SQL Server stored-procedure watch, or Better 'finger-pointing' through software
- By Jack Vaughan
[PROGRAMMERS REPORT, OCTOBER 8, 2002] -- Among the finger-pointing games in development today, none are more common
than those accompanying the discussions between application developers and
database administrators when an application rolls out and proves to be too slow.
The target of discussion usually centers on somebody's stored procedure.
Now, with a few advanced stored-procedure debuggers on the market, the
quality of discussion in these finger-pointing games may improve. Tools such as
Compuware Corp.'s DevPartner DB for Microsoft SQL Server dig down and uncover
activity that hitherto may have been pretty much a ''black-box'' problem.
At last month's VSLive! 2002 in Orlando, Fla., Compuware announced the
availability of an update to its workbench for debugging stored procedures on
SQL Server. New features include stored-procedure performance profiling
abilities that, according to company representatives, are an advance on what
Microsoft makes available as part of the database.
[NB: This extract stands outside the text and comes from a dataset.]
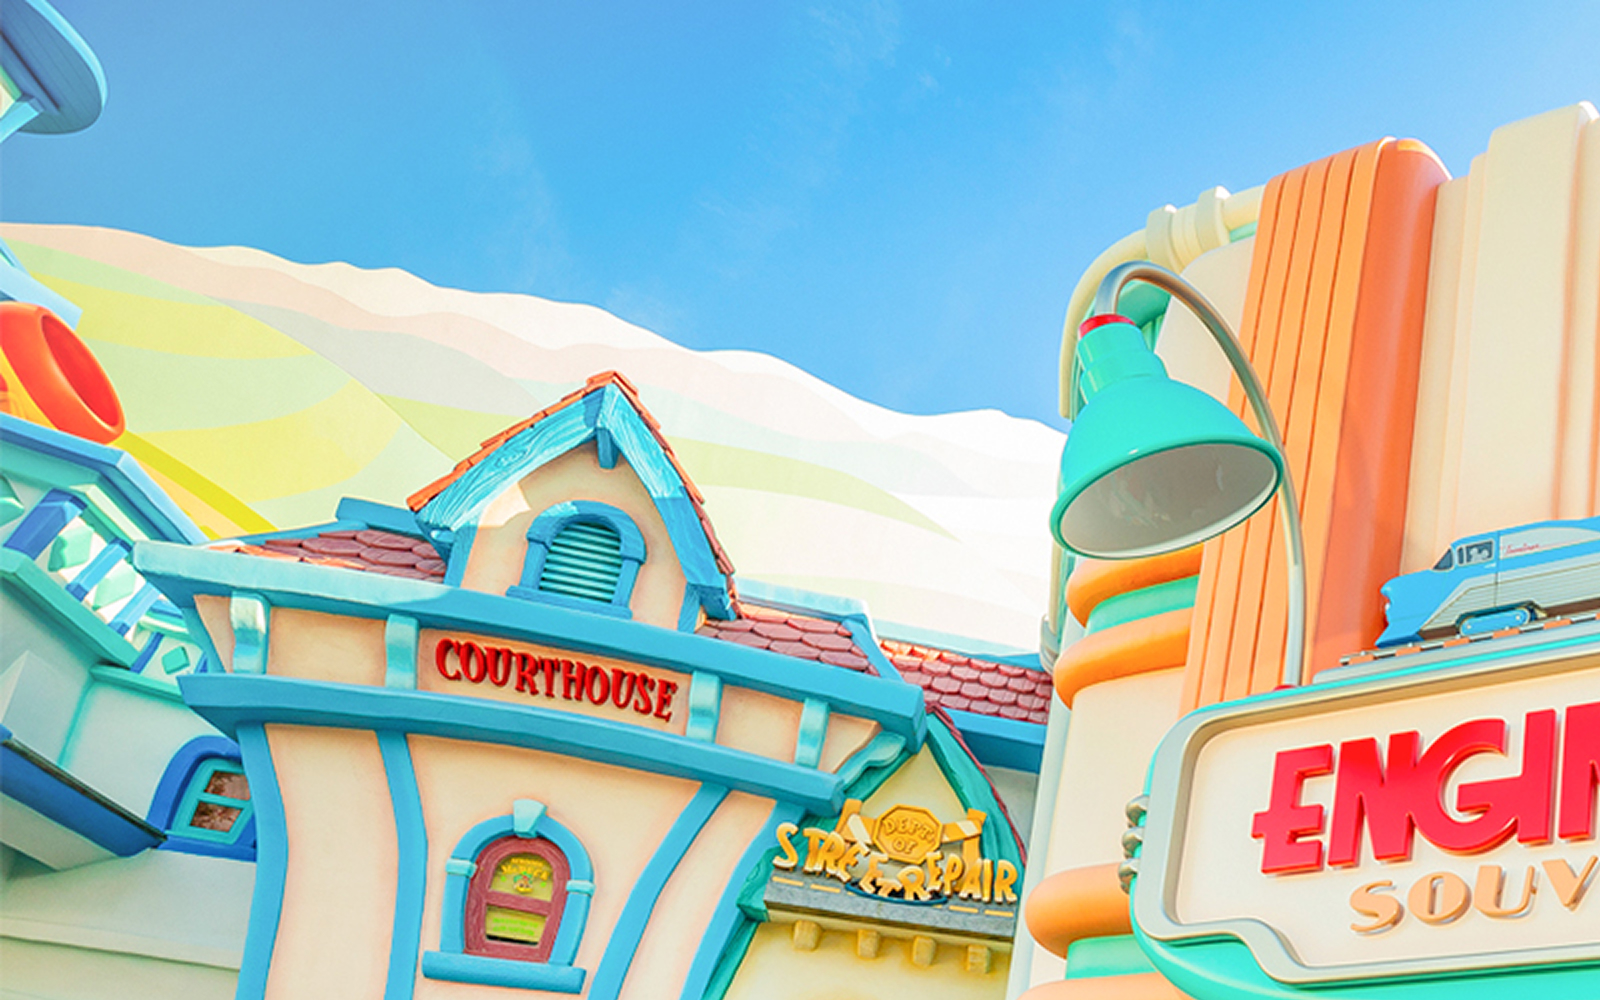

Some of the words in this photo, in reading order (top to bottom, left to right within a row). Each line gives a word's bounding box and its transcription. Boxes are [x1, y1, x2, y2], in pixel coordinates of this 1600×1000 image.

For developers whose programs
may be criticized, but who do not have much pull in the database department, the
software provides a simple method for evaluating stored procedure performance in
''It lets you walk through the stored procedure,'' Scott
Peerbolte, a product support engineer at Compuware told Programmers
on the Orlando show floor.
''You can then debug a stored procedure in the context of a running app.
''You may find that an app calls a stored procedure on the database, and it
seems to be bombing,'' added Peerbolte. ''Now you can capture the parameters being
passed in, start the debug session and watch the execution on the database.''
Such capability should be useful to application developers, who are the ones
ultimately responsible for making their app work. ''DBAs don't want to be
developers,'' noted Peerbolte. Of course, that can become a problem when issues
seem to arise on the database side of things.
''We can reduce the finger-pointing, or at least give DBAs and developers less
things to point at,'' said Peerbolte.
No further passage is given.